| What you will do |
Nothing but the lines from the one with "Some of the words" through the end of the records below should be written out, and each must match word for word.

________________________________________

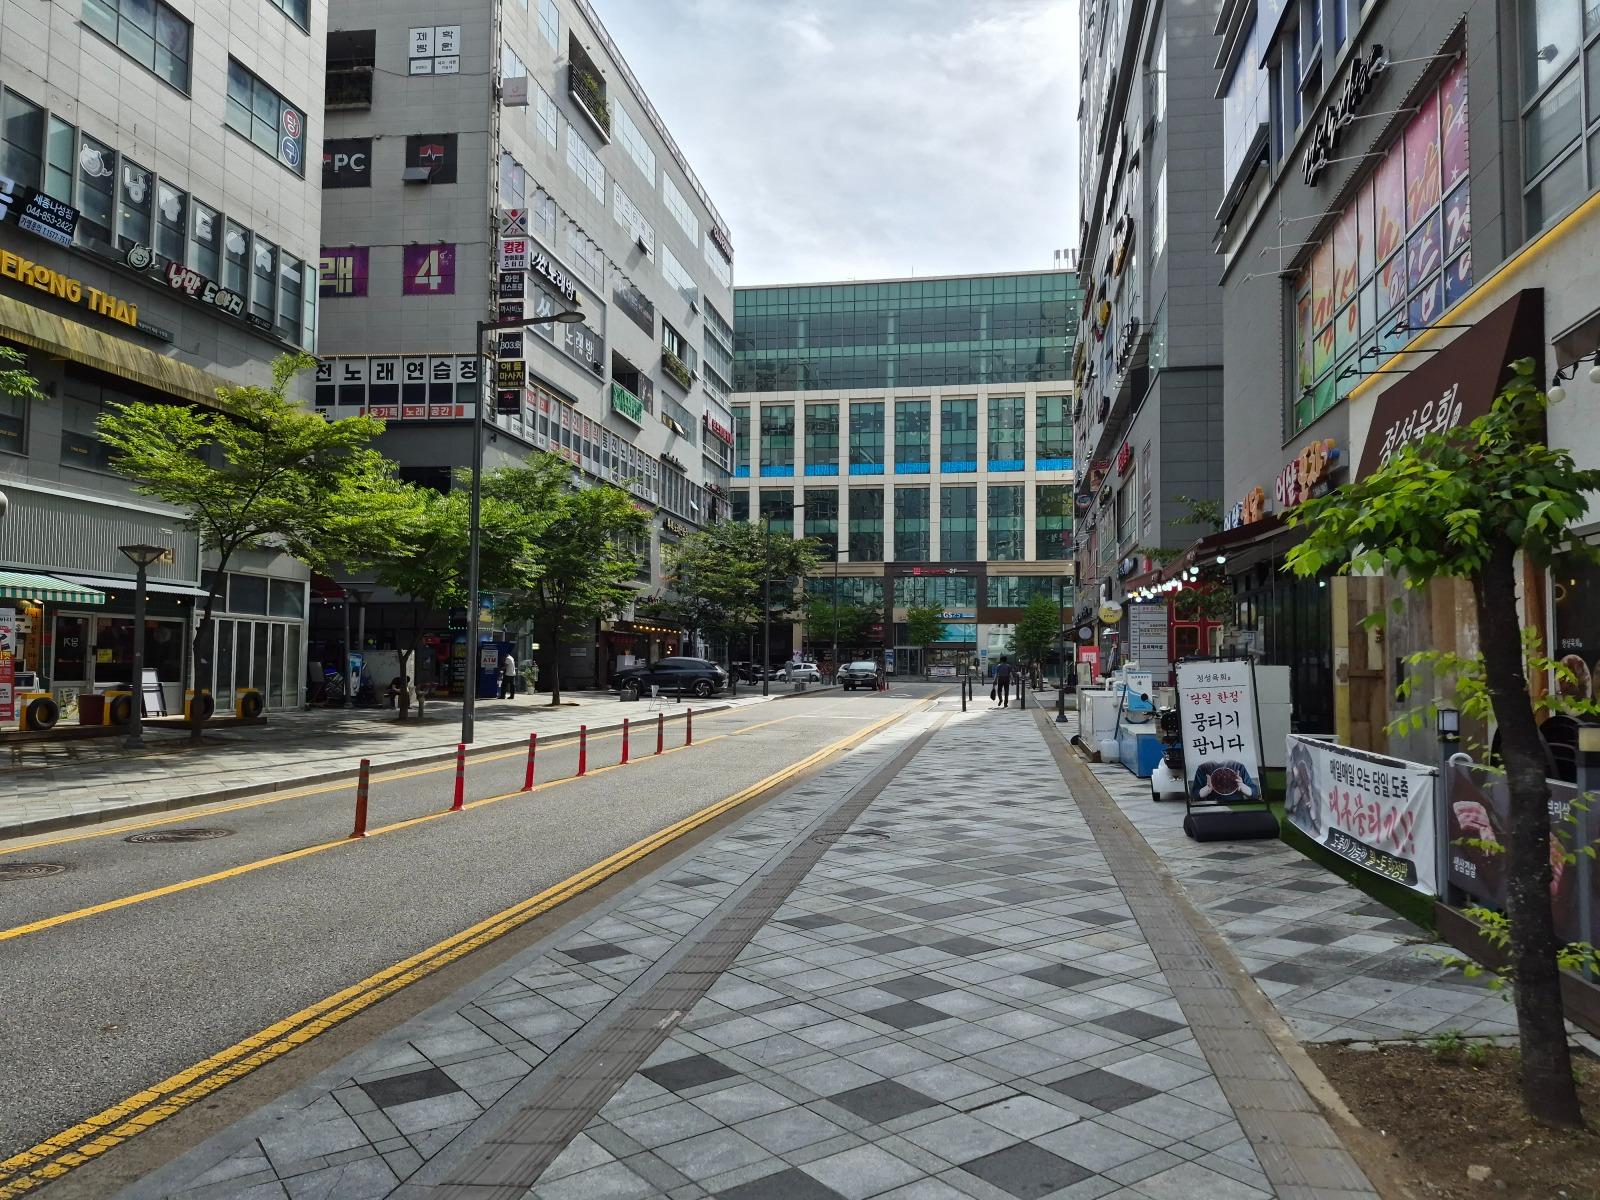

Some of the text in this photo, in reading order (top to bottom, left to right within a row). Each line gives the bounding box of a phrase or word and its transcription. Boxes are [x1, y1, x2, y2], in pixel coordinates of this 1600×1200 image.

[284, 113, 299, 161] 당구
[334, 153, 366, 173] PC
[319, 250, 441, 293] 래 4
[169, 262, 245, 316] 낭만 도야지
[501, 371, 526, 380] 마사지
[405, 406, 425, 416] 노래
[430, 407, 450, 416] 공간
[943, 611, 961, 619] GS25
[1197, 673, 1227, 683] 정성육회
[1191, 710, 1240, 732] 뭉티기
[1192, 734, 1245, 756] 팝니다
[1330, 758, 1409, 803] 매일매일 오는 당일 도축
[1453, 856, 1477, 880] 생삼겹살
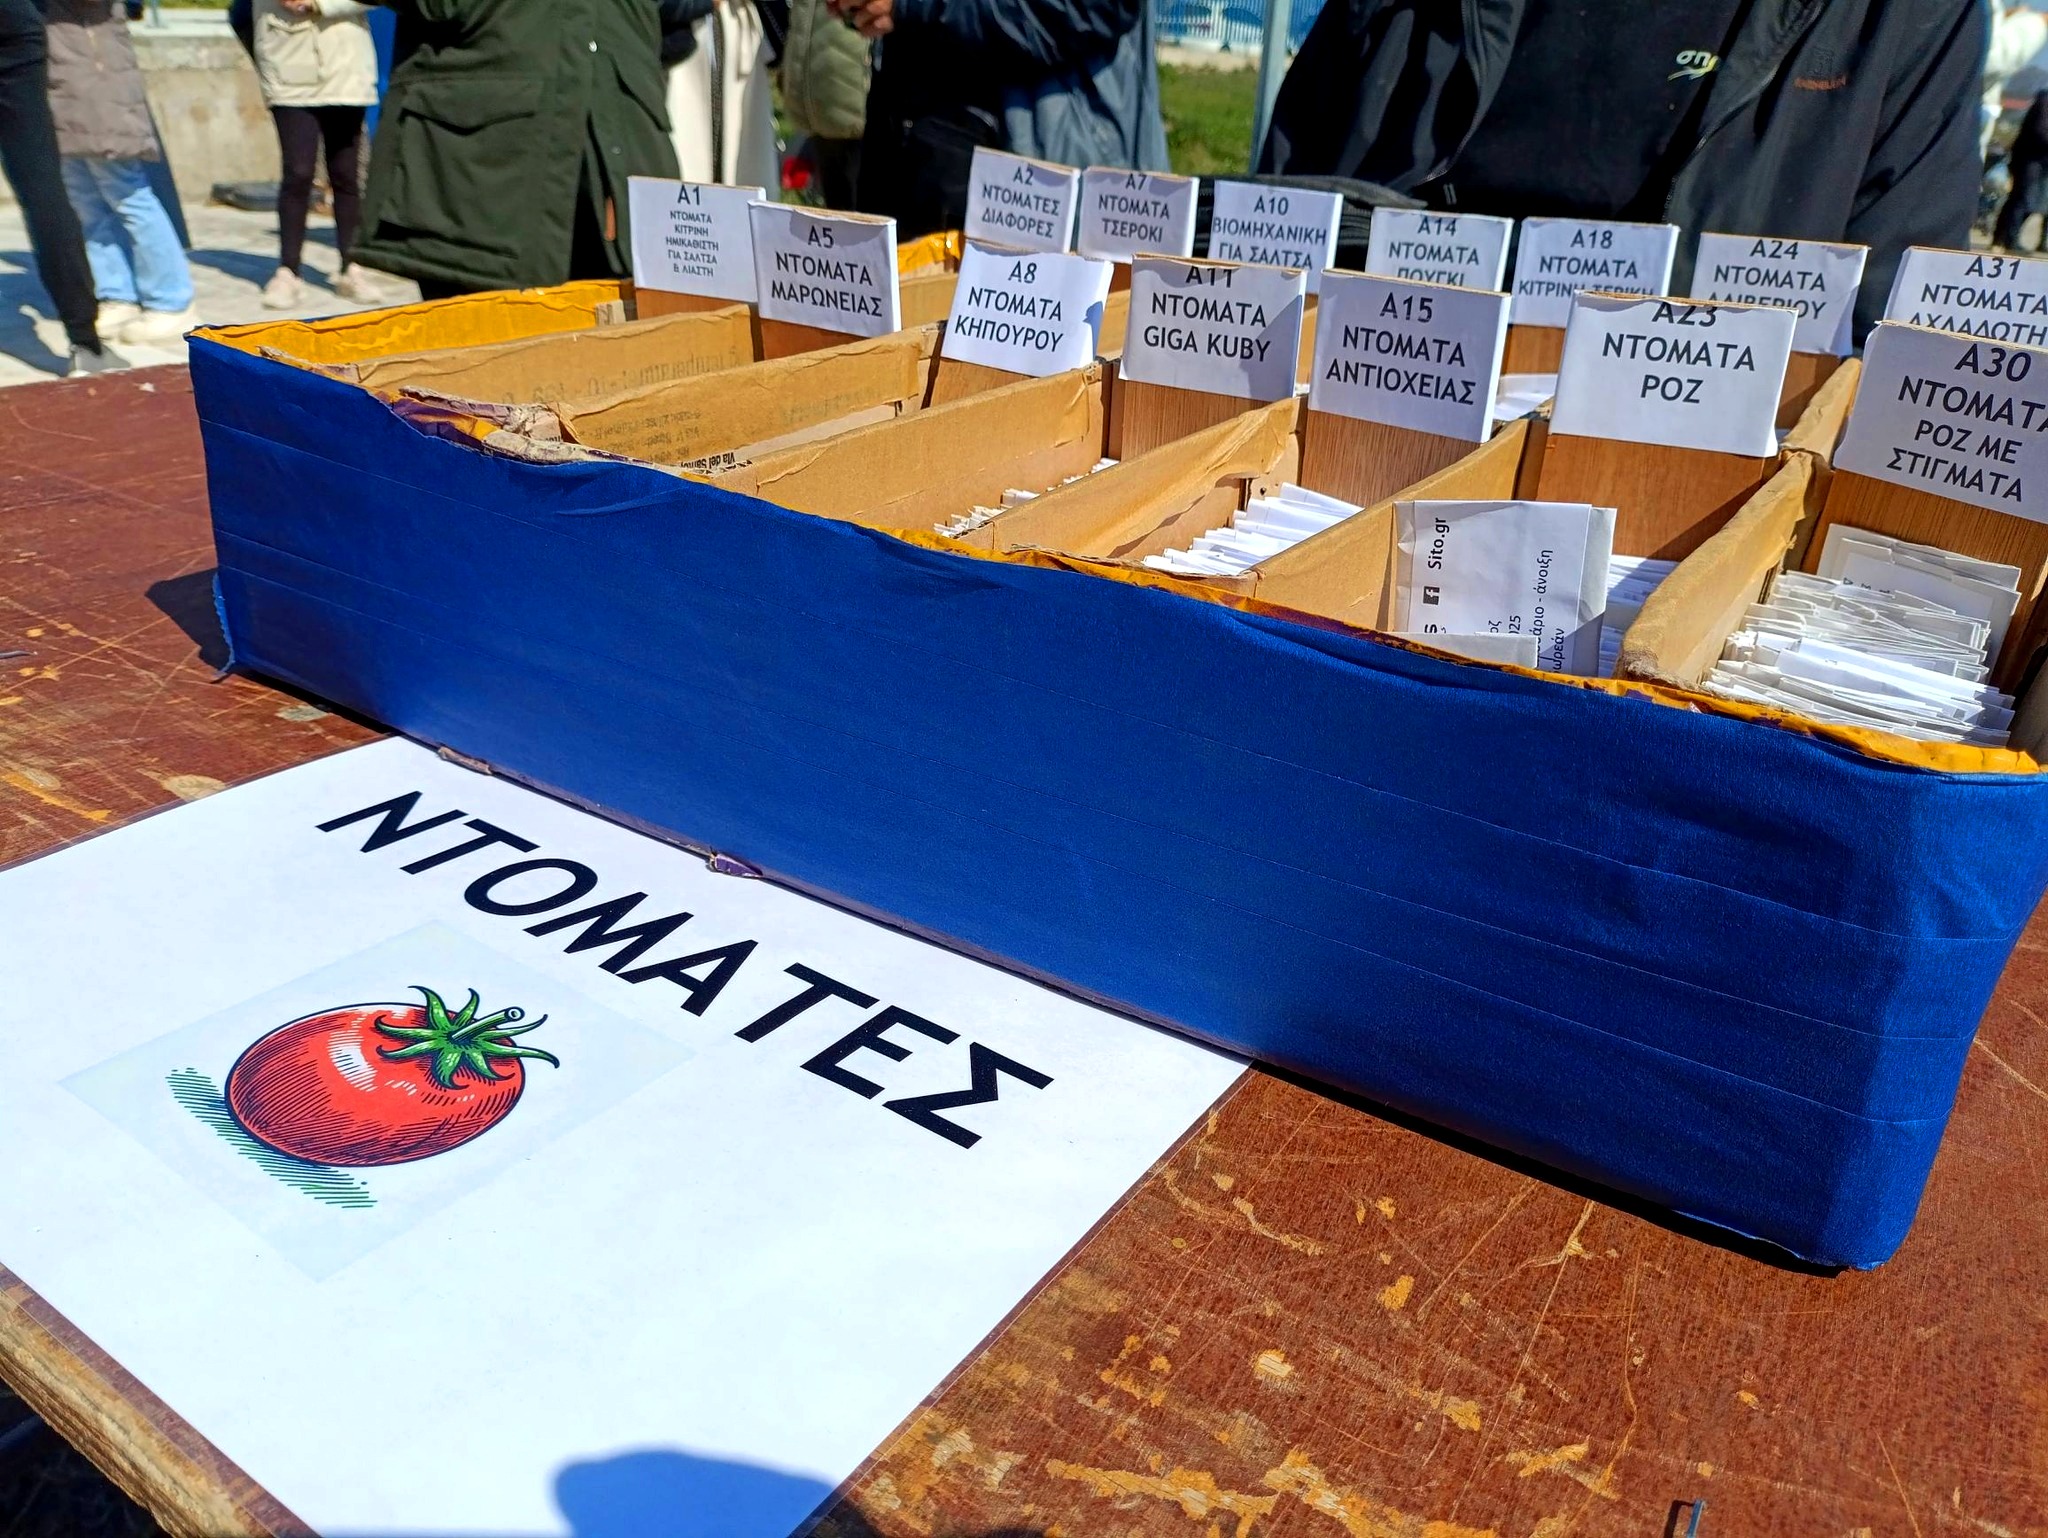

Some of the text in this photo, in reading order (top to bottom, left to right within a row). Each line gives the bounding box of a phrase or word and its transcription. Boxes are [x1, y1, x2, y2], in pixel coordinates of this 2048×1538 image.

[1013, 166, 1034, 186] Α2
[1125, 173, 1147, 192] Α7
[677, 184, 700, 206] Α1
[982, 184, 1060, 216] ΝΤΟΜΑΤΕΣ
[1098, 194, 1170, 220] ΝΤΟΜΑΤΑ
[1254, 195, 1289, 216] Α10
[670, 210, 712, 224] ΝΤΟΜΑΤΑ
[674, 224, 709, 237] ΚΙΤΡΙΝΗ
[981, 207, 1055, 239] ΔΙΑΦΟΡΕΣ
[1102, 218, 1163, 243] ΤΣΕΡΟΚΙ
[1417, 215, 1457, 236] Α14
[665, 236, 719, 251] ΗΜΙΚΑΘΙΣΤΗ
[807, 224, 835, 249] Α5
[1212, 217, 1327, 246] ΒΙΟΜΗΧΑΝΙΚΗ
[1570, 228, 1613, 249] Α18
[668, 249, 717, 265] ΓΙΑ ΣΑΛΤΣΑ
[1219, 242, 1313, 270] ΓΙΑ ΣΑΛΤΣΑ
[1388, 241, 1479, 265] ΝΤΟΜΑΤΑ
[1749, 238, 1799, 261] Α24
[682, 265, 714, 277] ΛΙΑΣΤΗ
[775, 251, 873, 287] ΝΤΟΜΑΤΑ
[1007, 260, 1038, 284] Α8
[1185, 265, 1232, 288] Α11
[1538, 255, 1638, 279] ΝΤΟΜΑΤΑ
[1713, 264, 1826, 292] ΝΤΟΜΑΤΑ
[1964, 255, 2021, 280] Α31
[771, 280, 882, 318] ΜΑΡΩΝΕΙΑΣ
[967, 286, 1062, 321] ΝΤΟΜΑΤΑ
[1151, 292, 1267, 328] ΝΤΟΜΑΤΑ
[1379, 292, 1434, 324] Α15
[1921, 283, 2048, 316] ΝΤΟΜΑΤΑ
[954, 314, 1064, 353] ΚΗΠΟΥΡΟΥ
[1143, 325, 1271, 362] GIGA KUBY
[1342, 324, 1466, 368] ΝΤΟΜΑΤΑ
[1602, 332, 1755, 372] ΝΤΟΜΑΤΑ
[1954, 343, 2032, 382] Α30
[1325, 358, 1477, 405] ΑΝΤΙΟΧΕΙΑΣ
[1640, 373, 1704, 404] ΡΟΖ
[1914, 419, 2023, 466] ΡΟΖ ΜΕ
[1886, 447, 2023, 503] ΣΤΙΓΜΑΤΑ
[1427, 517, 1450, 570] Sito.gr
[1533, 549, 1554, 595] άνοιξη
[1552, 627, 1566, 673] ωρεάν
[315, 790, 1056, 1151] ΝΤΟΜΑΤΕΣ
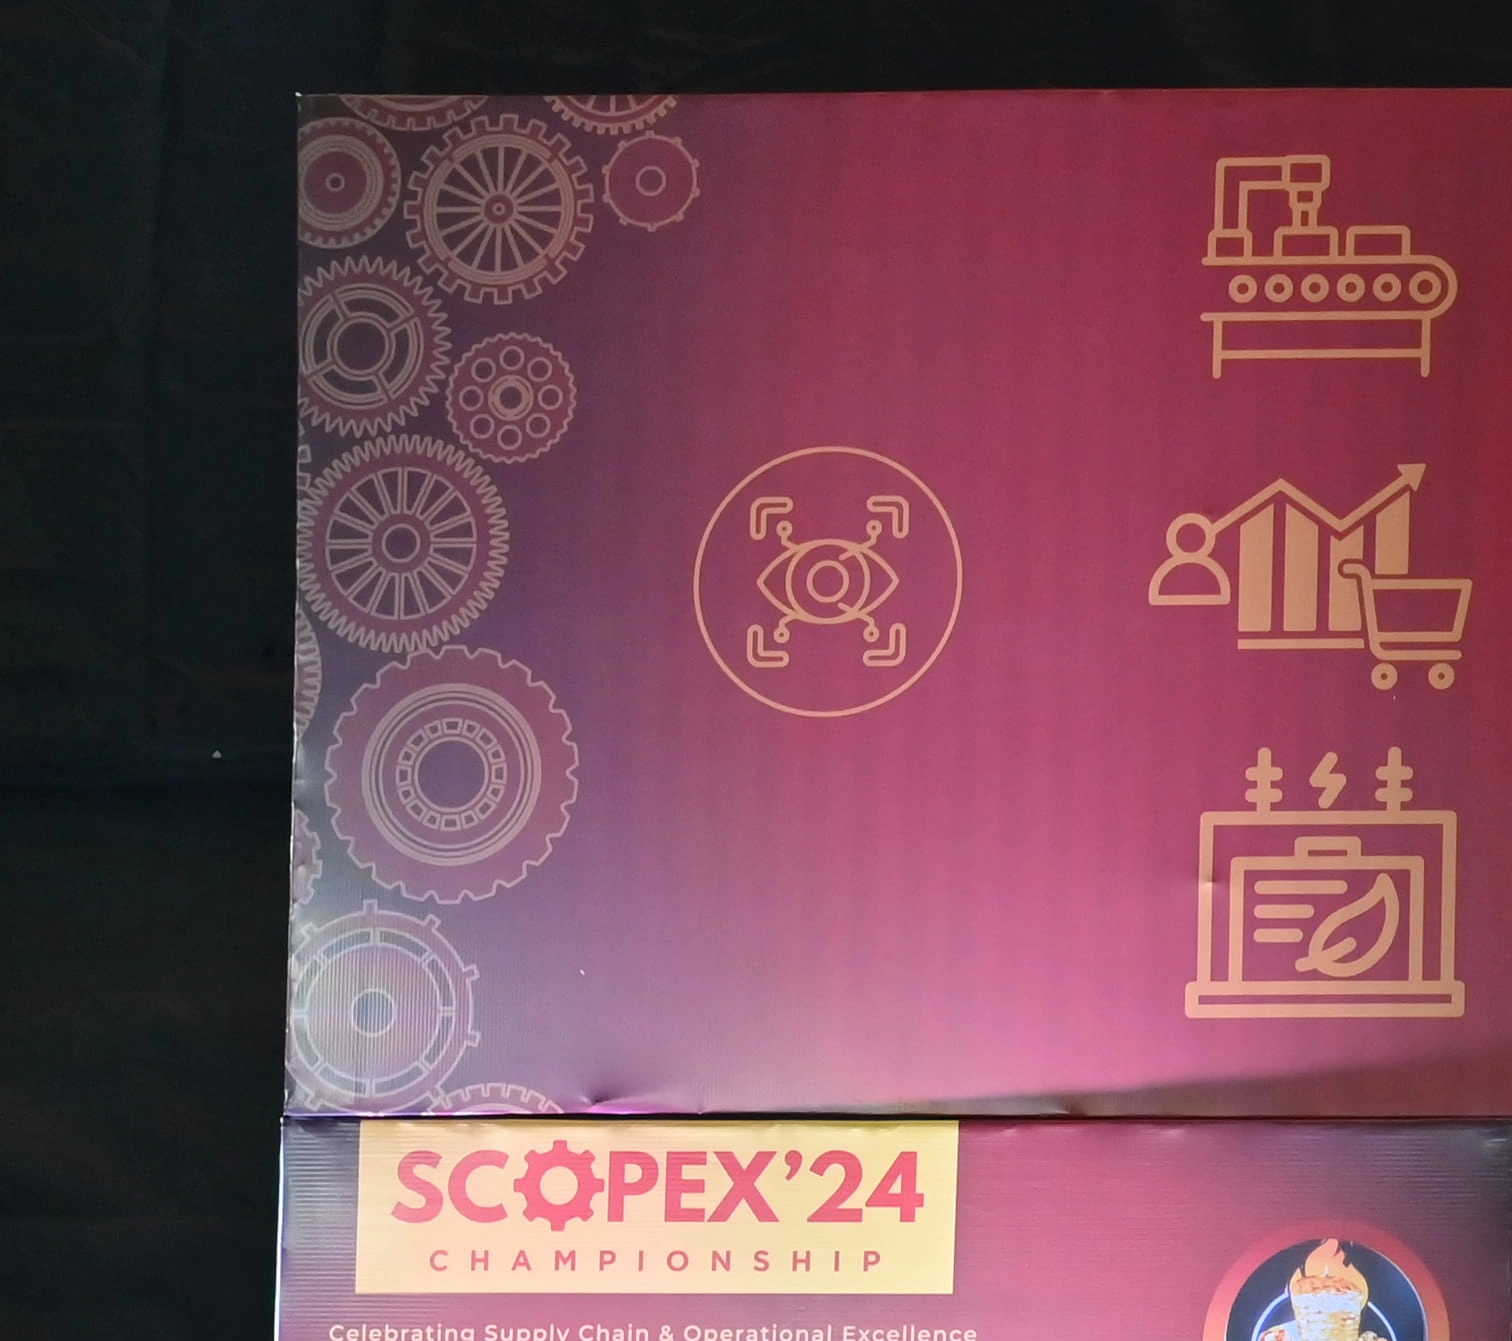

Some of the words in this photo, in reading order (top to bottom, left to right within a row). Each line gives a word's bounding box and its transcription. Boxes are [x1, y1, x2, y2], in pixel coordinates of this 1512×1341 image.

[430, 1250, 880, 1272] CHAMPIONSHIP
[579, 1324, 648, 1341] Chain
[659, 1325, 673, 1341] &

________________________________________

| Output of the task |
Some of the words in this photo, in reading order (top to bottom, left to right within a row). Each line gives a word's bounding box and its transcription. Boxes are [x1, y1, x2, y2], in pixel coordinates of this 1512×1341 image.

[430, 1250, 880, 1272] CHAMPIONSHIP
[579, 1324, 648, 1341] Chain
[659, 1325, 673, 1341] &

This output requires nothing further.